不巧的是,偏偏在這裡遇又被谢宝权给堵上了。
陈天乐沒好气地說。“去還是不去,随便你,别等一会我們走了,你又跑来看好戏。”
“那你這样說,就恭敬不如从命。”谢宝权点了点头。“好,我随你去就是,且看吴所长接下来要如何表演,只是這戏台子一下从市政大院转移到双龙派出所,這场境变换也太快了点,看看,我要是来晚一步,怕是跟不上你们的节奏了。
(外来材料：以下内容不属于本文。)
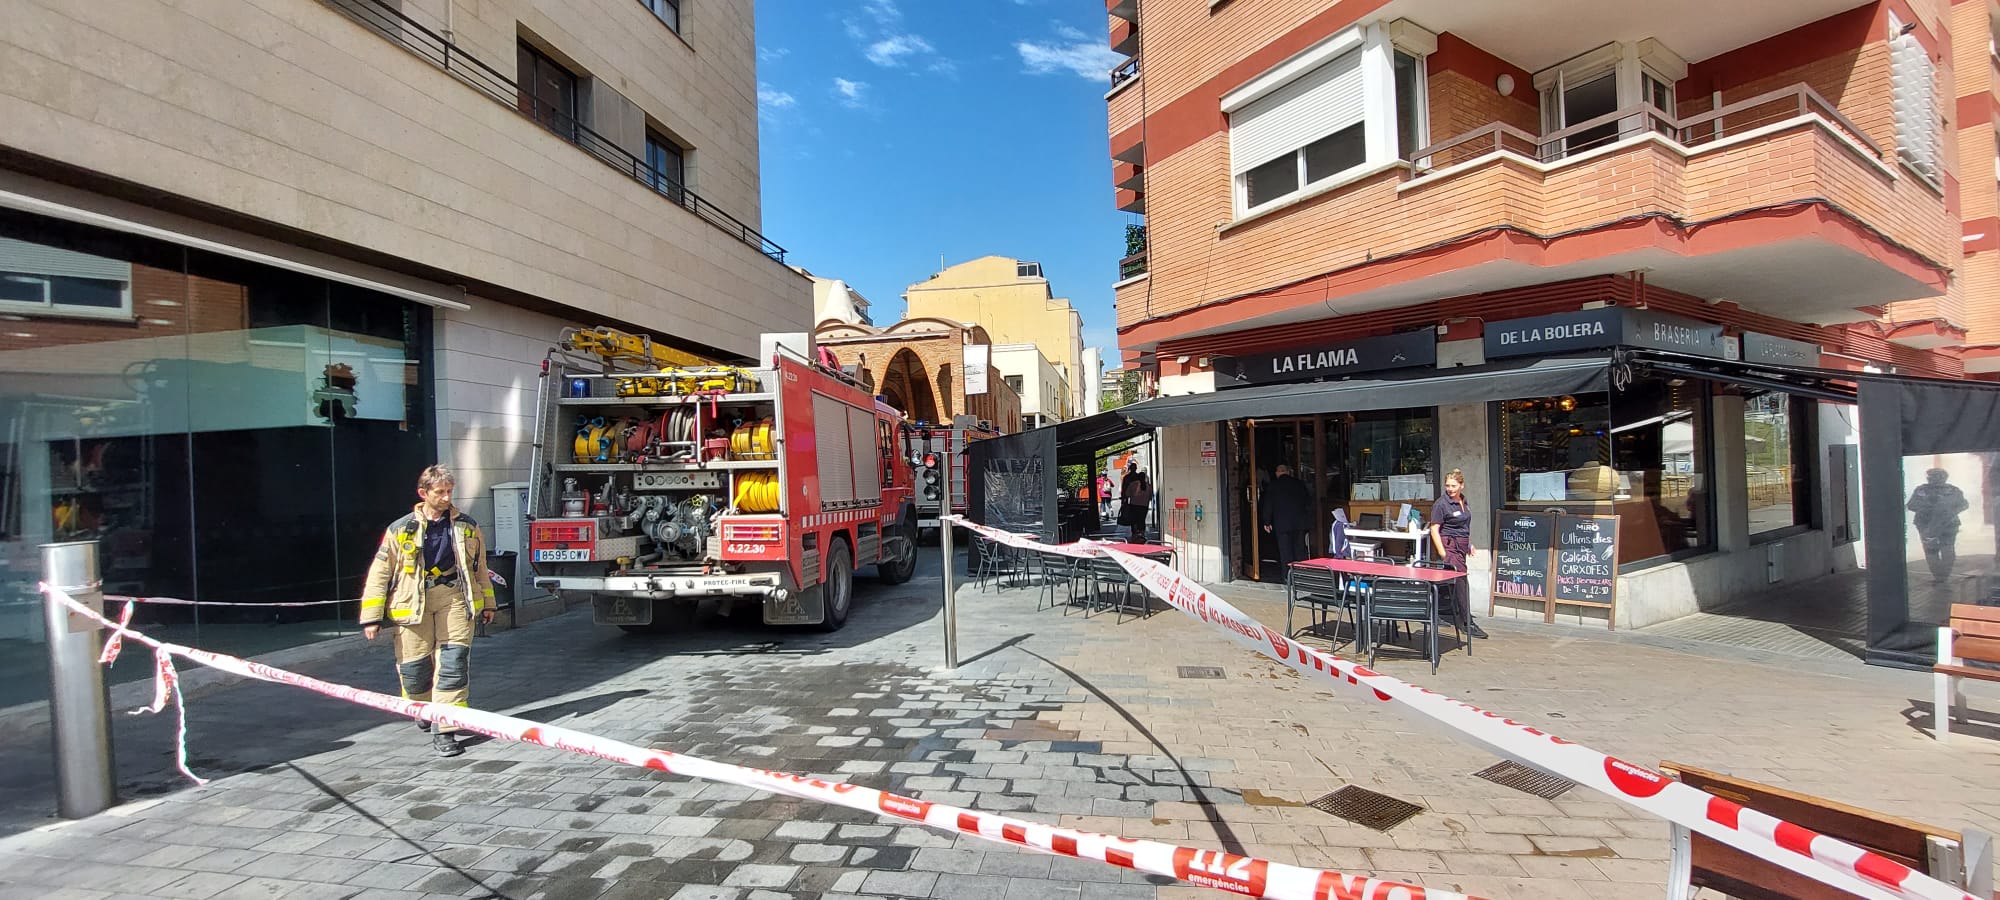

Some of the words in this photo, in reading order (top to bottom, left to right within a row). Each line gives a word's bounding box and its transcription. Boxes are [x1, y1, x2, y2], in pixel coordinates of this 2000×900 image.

[1500, 327, 1518, 345] DE
[1521, 324, 1541, 343] LA
[1544, 321, 1604, 340] BOLERA
[1654, 322, 1700, 345] BRASERIA
[1273, 356, 1294, 374] LA
[1297, 348, 1359, 371] FLAMA
[1592, 532, 1613, 544] dies
[542, 550, 568, 560] 8595
[727, 544, 766, 553] 4.22.30
[1187, 873, 1250, 893] emergències
”
吴平却越来越提心吊胆,他知道,谢宝权绝非看戏那么简单,有谢宝权跟着去,說不定還会演变成自已永远的灾难,想想苗小妙去而复返就十分蹊跷。
显然,苗小妙那個女人肯定与谢宝权见過面了,因为吴平有一对特别灵的狗鼻子,对苗小妙身上那种独特的味相当熟悉,虽然少了先前那种混舍的发酵味,可他還是从谢宝权风风火火中携来的气味,闻到那股似有若无的香奈尔味道。
這种味道不是什么女人都有的,用得起這种香水的女人也不是很多,所以,他断定,苗小妙跟谢宝权已经见過面了,而且,她的去而复返也是在谢宝权的授意下。
看来,他吴平与谢宝权的关系已经到了彻底撕破脸的时候了,就算自不量力也无路可走了,只有把所有的希望都寄托在陈市长這裡,希望谢宝权失势就好了,至少,他不会永无出头之日。
真是一步错,步步错啊!
吴平面对此情此景,除了扼腕叹息外,就是更多的担心和害怕,要是他调戏女人的事传到老婆那裡,他的家很快就要保不住了,他吴平上有老,下有小,家中老老小小就是靠老婆在照顾。
吴平家中老婆,虽然也是一個家庭主妇,可她懂得如何保护自已,一开始就跟吴平說好了,让她在家中当保姆侍候一家老小可以,但他得将工资卡上交,否则免谈。